The offering is being made pursuant to our shelf registration statement on Form S-3, as amended (Registration Statement No. 333-194293), previously filed with the SEC and declared effective by the SEC on April 16, 2014 and a prospectus supplement thereunder. The underwriting agreement is attached as Exhibit 1.1 hereto, and the description of the terms of the underwriting agreement is qualified in its entirety by reference to such exhibit. A copy of the opinion of Cooley LLP relating to the legality of the issuance and sale of the shares in the offering is attached as Exhibit 5.1 hereto.

On October 27, 2014, we issued a press release announcing that we had commenced the offering. On October 28, 2014, we issued a press release announcing the pricing of the offering. Copies of these press releases are attached as Exhibits 99.1 and 99.2 hereto, respectively.

Neither the disclosures on this Form 8-K nor the attached press releases shall constitute an offer to sell or the solicitation of an offer to buy these securities, nor shall there be any sale of these securities in any state or jurisdiction in which such an offer, solicitation or sale would be unlawful prior to registration or qualification under the securities laws of any such state or jurisdiction.

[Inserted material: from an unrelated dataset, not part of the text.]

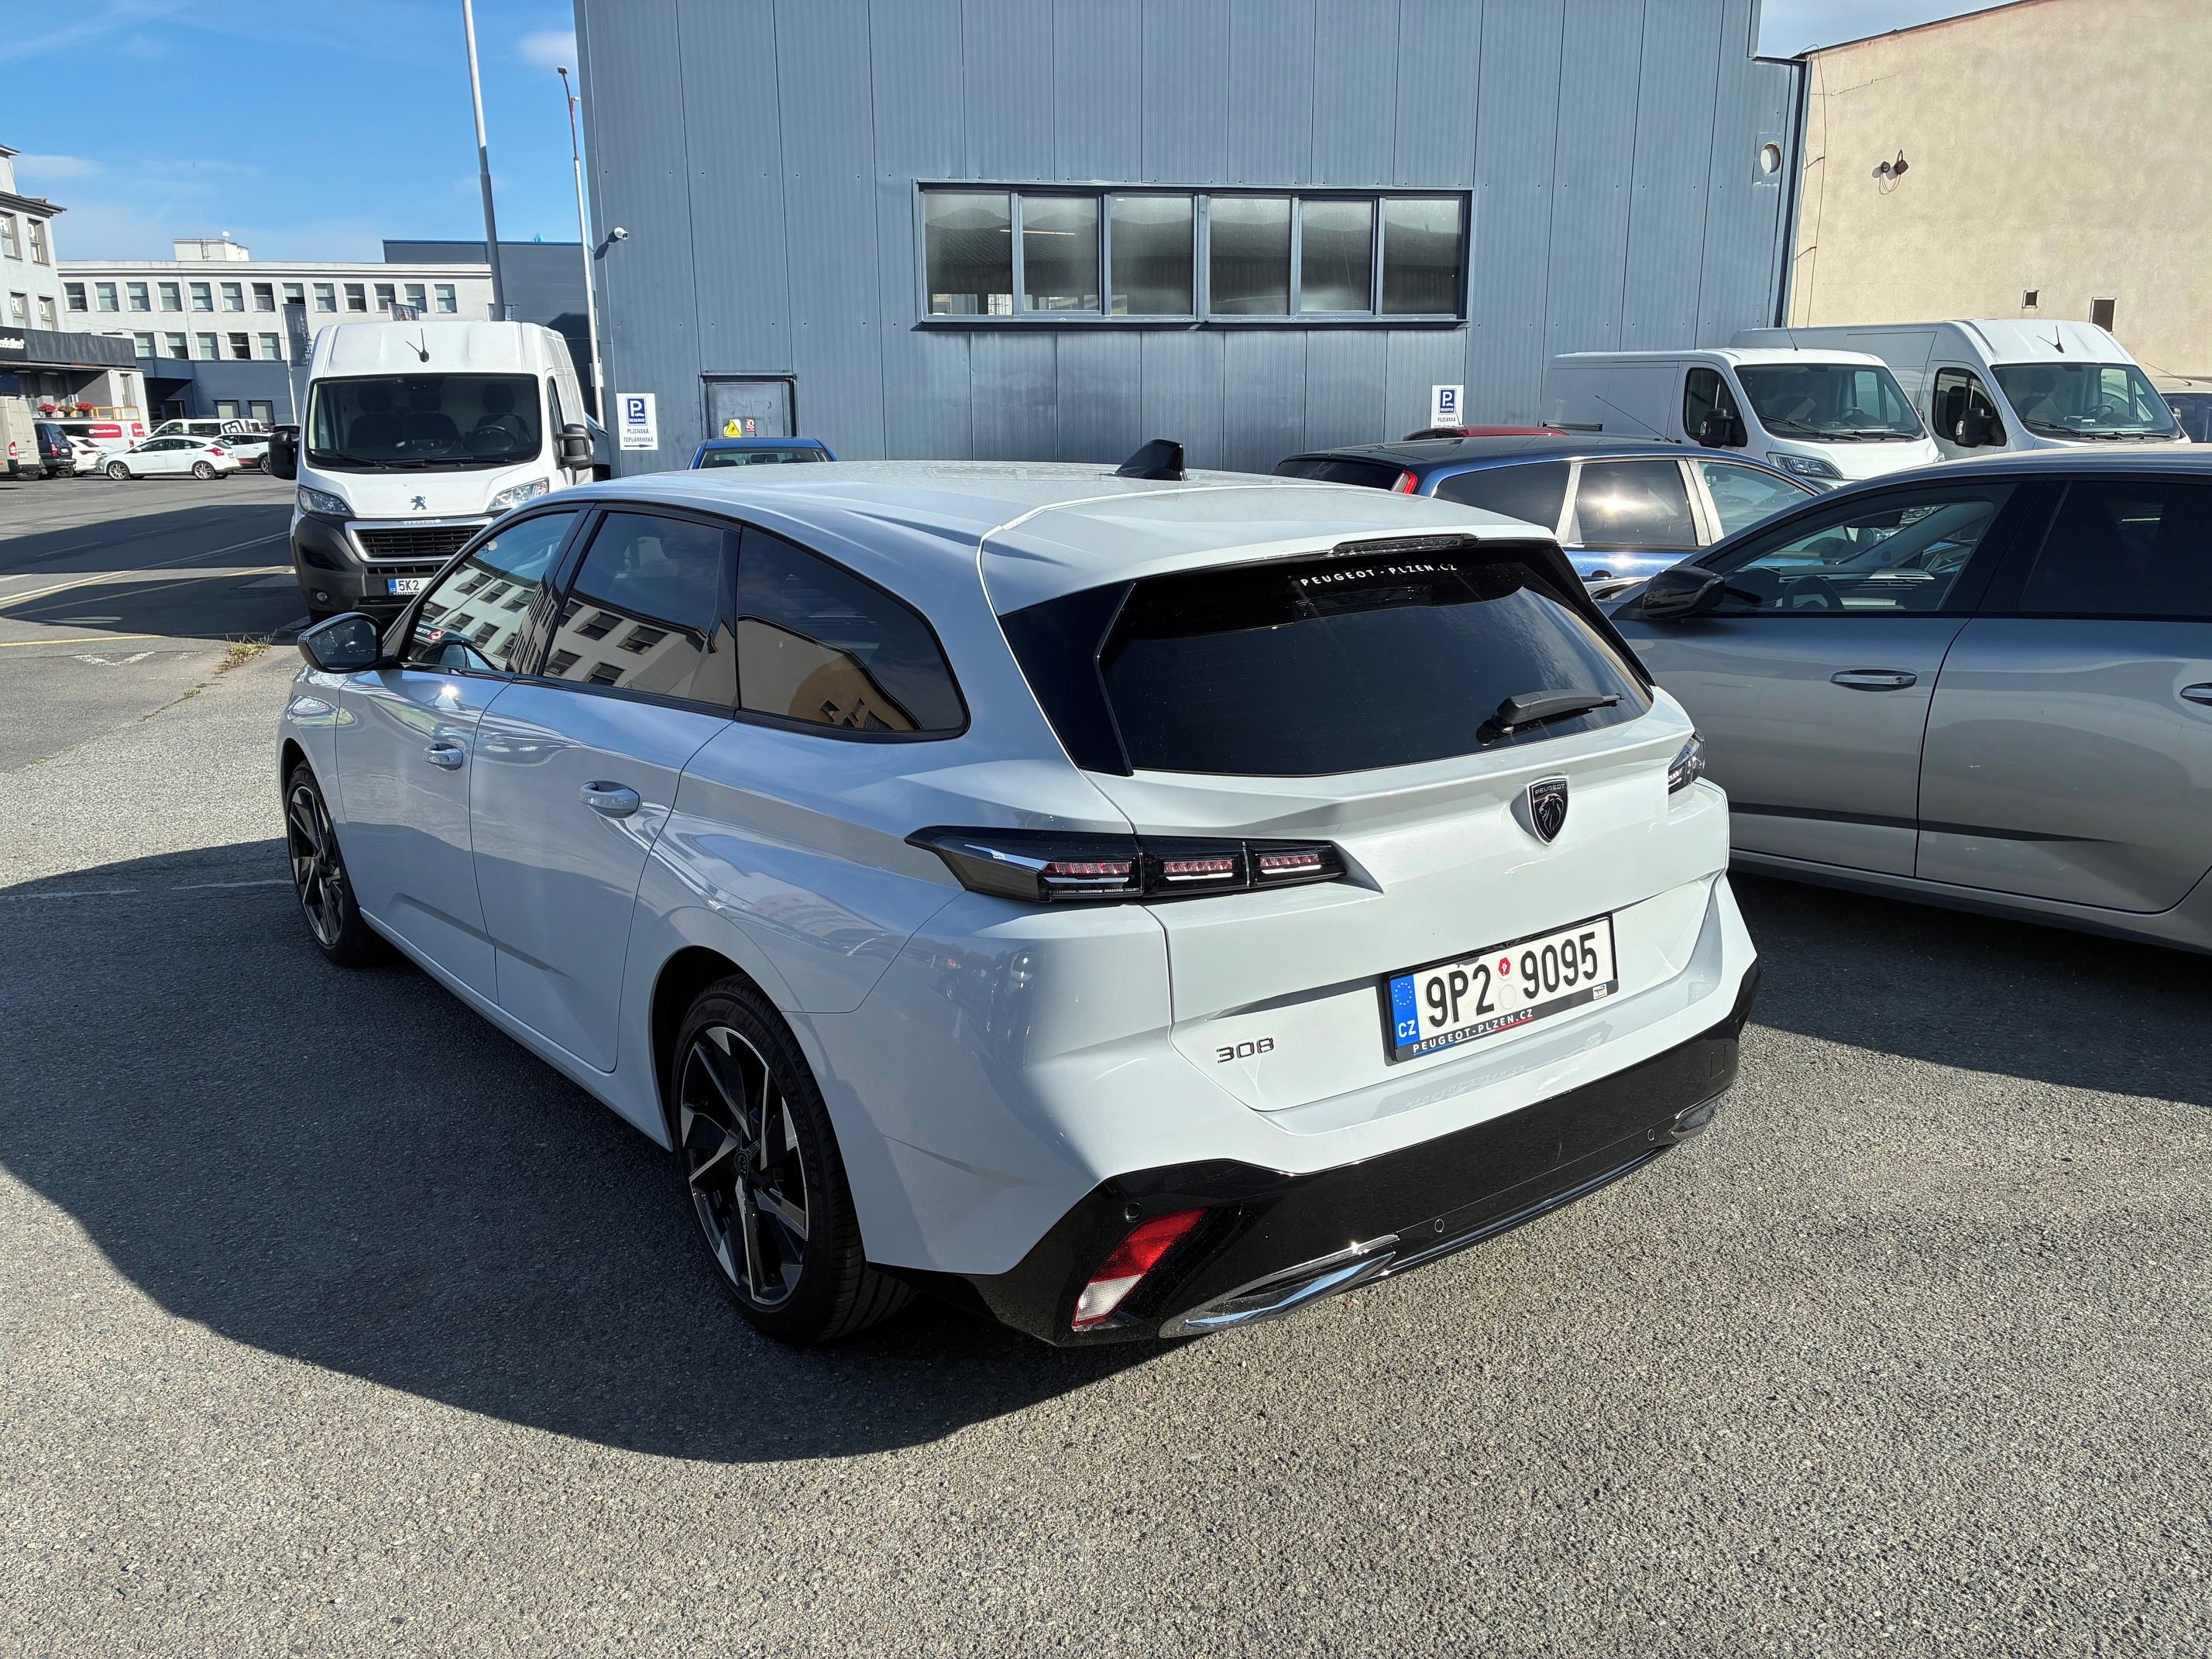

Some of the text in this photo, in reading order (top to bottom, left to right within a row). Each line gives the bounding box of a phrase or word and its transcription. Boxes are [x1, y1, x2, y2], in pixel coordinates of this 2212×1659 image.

Item 9.01 Financial Statements and Exhibits.

(d) Exhibits.

 

Exhibit
No.

  

Description

  1.1    Underwriting Agreement, dated October 28, 2014.
  5.1    Opinion of Cooley LLP.
23.1    Consent of Cooley LLP (included in Exhibit 5.1).
99.1    Press Release of Regulus Therapeutics Inc. dated October 27, 2014.
99.2    Press Release of Regulus Therapeutics Inc. dated October 28, 2014.

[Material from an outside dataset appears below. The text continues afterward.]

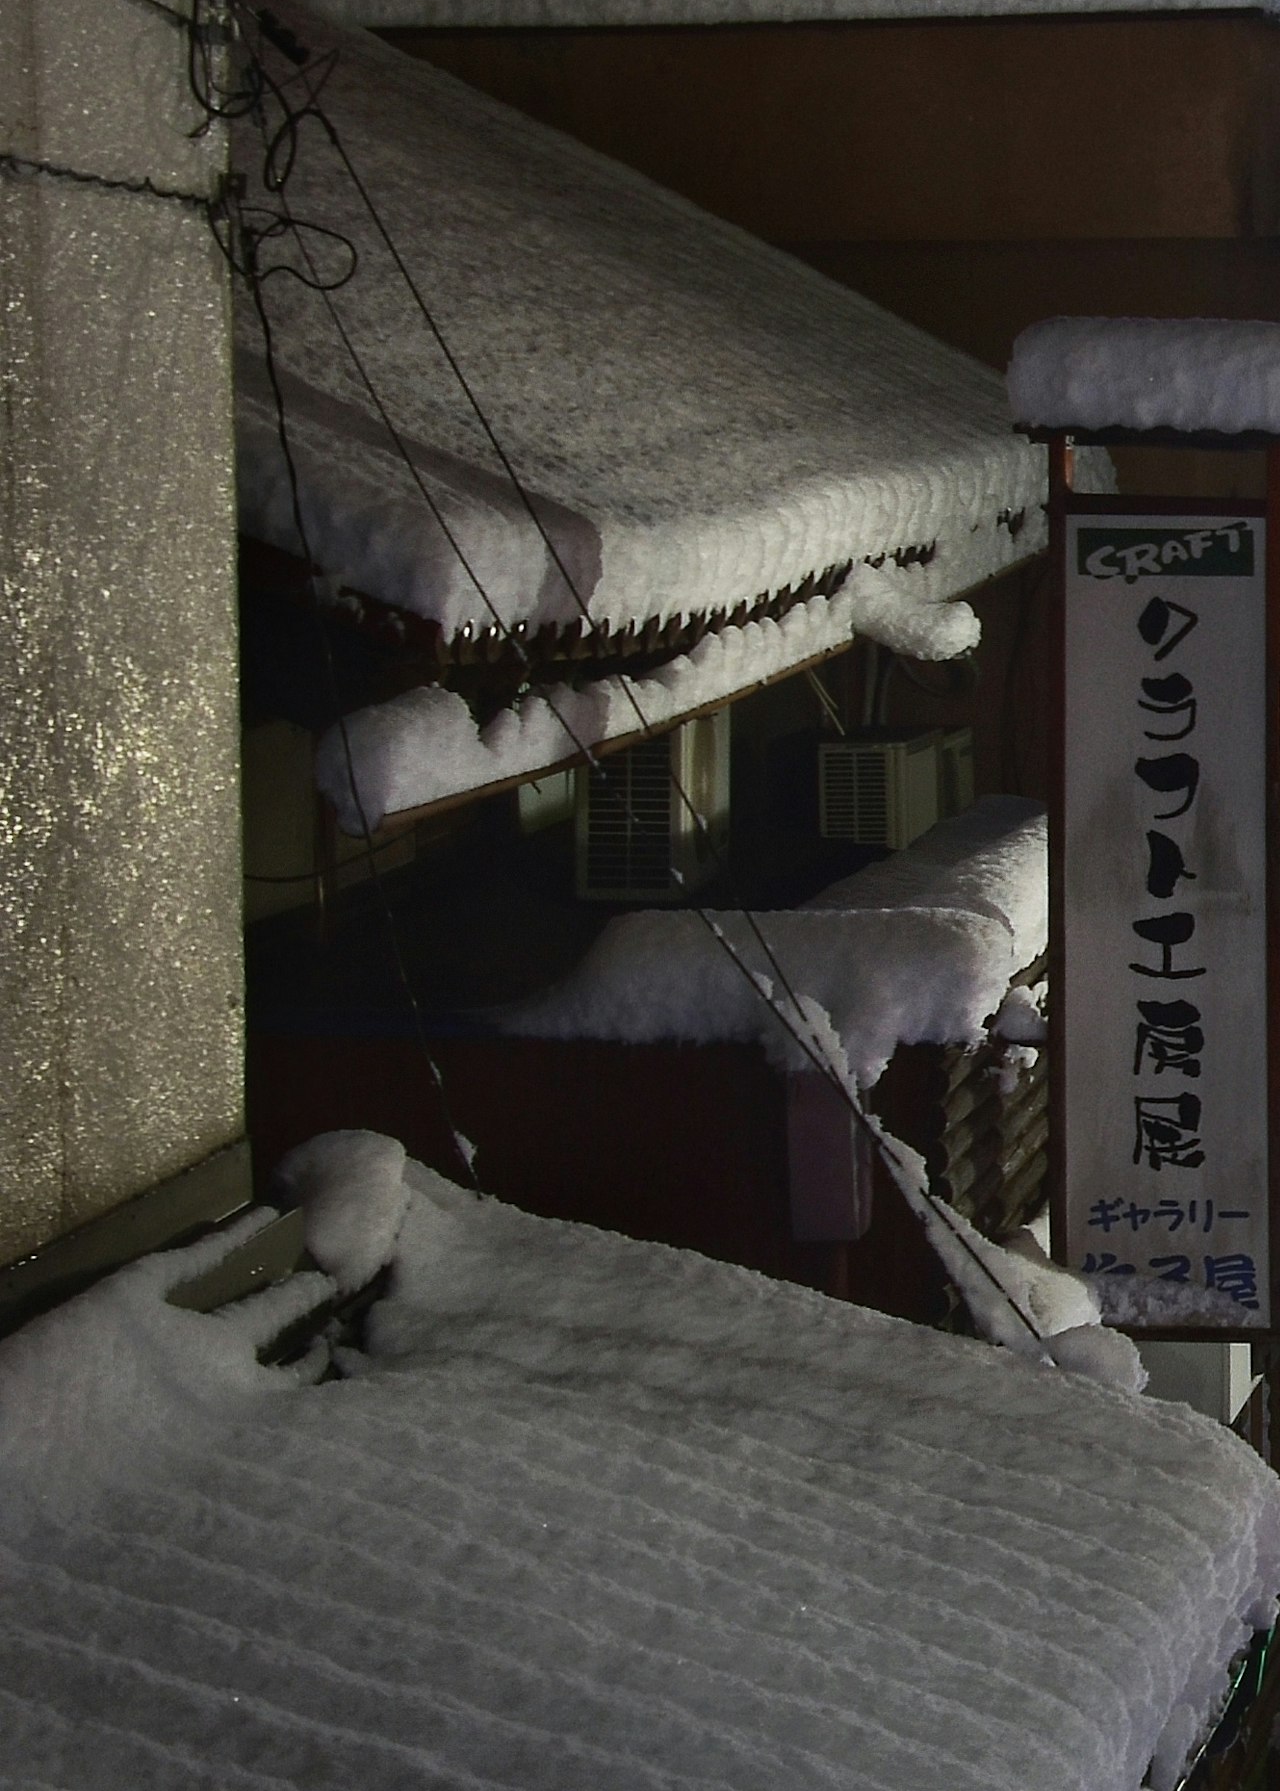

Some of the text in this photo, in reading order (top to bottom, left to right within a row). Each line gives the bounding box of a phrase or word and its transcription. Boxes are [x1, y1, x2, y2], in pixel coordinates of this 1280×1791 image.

[1085, 522, 1247, 584] CRAFT
[1088, 1198, 1249, 1232] ギャラリー

Forward-Looking Statements

Statements contained in this report regarding matters that are not historical facts are “forward-looking statements” within the meaning of the Private Securities Litigation Reform Act of 1995, including statements with respect to the completion, timing and size of the offering and net proceeds from the offering. Because such statements are subject to risks and uncertainties, actual results or events may differ materially from those expressed or implied by such forward-looking statements. Words such as “believe,” “anticipate,” “plan,” “expect,” “intend,” “will,” “goal,” “potential” and similar expressions are intended to identify forward-looking statements, though not all forward-looking statements necessarily contain these identifying words. These forward-looking statements are based upon our current expectations and involve assumptions that may never materialize or may prove to be incorrect. Actual results and the timing of events could differ materially from those anticipated in such forward-looking statements as a result of various risks and uncertainties, which include, without limitation, risks associated with market conditions and the satisfaction of closing conditions related to the public offering. These and other risks concerning our programs are described in additional detail in our filings with the Securities and Exchange Commission, including our quarterly report on Form 10-Q for the quarter ended June 30, 2014. All forward-looking statements contained in this report speak only as of the date on which they were made. We undertake no obligation to update such statements to reflect events that occur or circumstances that exist after the date on which they were made.


SIGNATURES

Pursuant to the requirements of the Securities Exchange Act of 1934, the registrant has duly caused this report to be signed on its behalf by the undersigned hereunto duly authorized.

 

  Regulus Therapeutics Inc.
Date: October 29, 2014   By:  

/s/ David L. Szekeres

    David L. Szekeres
    Chief Business Officer and General Counsel


EXHIBIT INDEX

 

Exhibit

No.

  

Description

  1.1    Underwriting Agreement, dated October 28, 2014.
  5.1    Opinion of Cooley LLP.
23.1    Consent of Cooley LLP (included in Exhibit 5.1).
99.1    Press Release of Regulus Therapeutics Inc. dated October 27, 2014.
99.2    Press Release of Regulus Therapeutics Inc. dated October 28, 2014.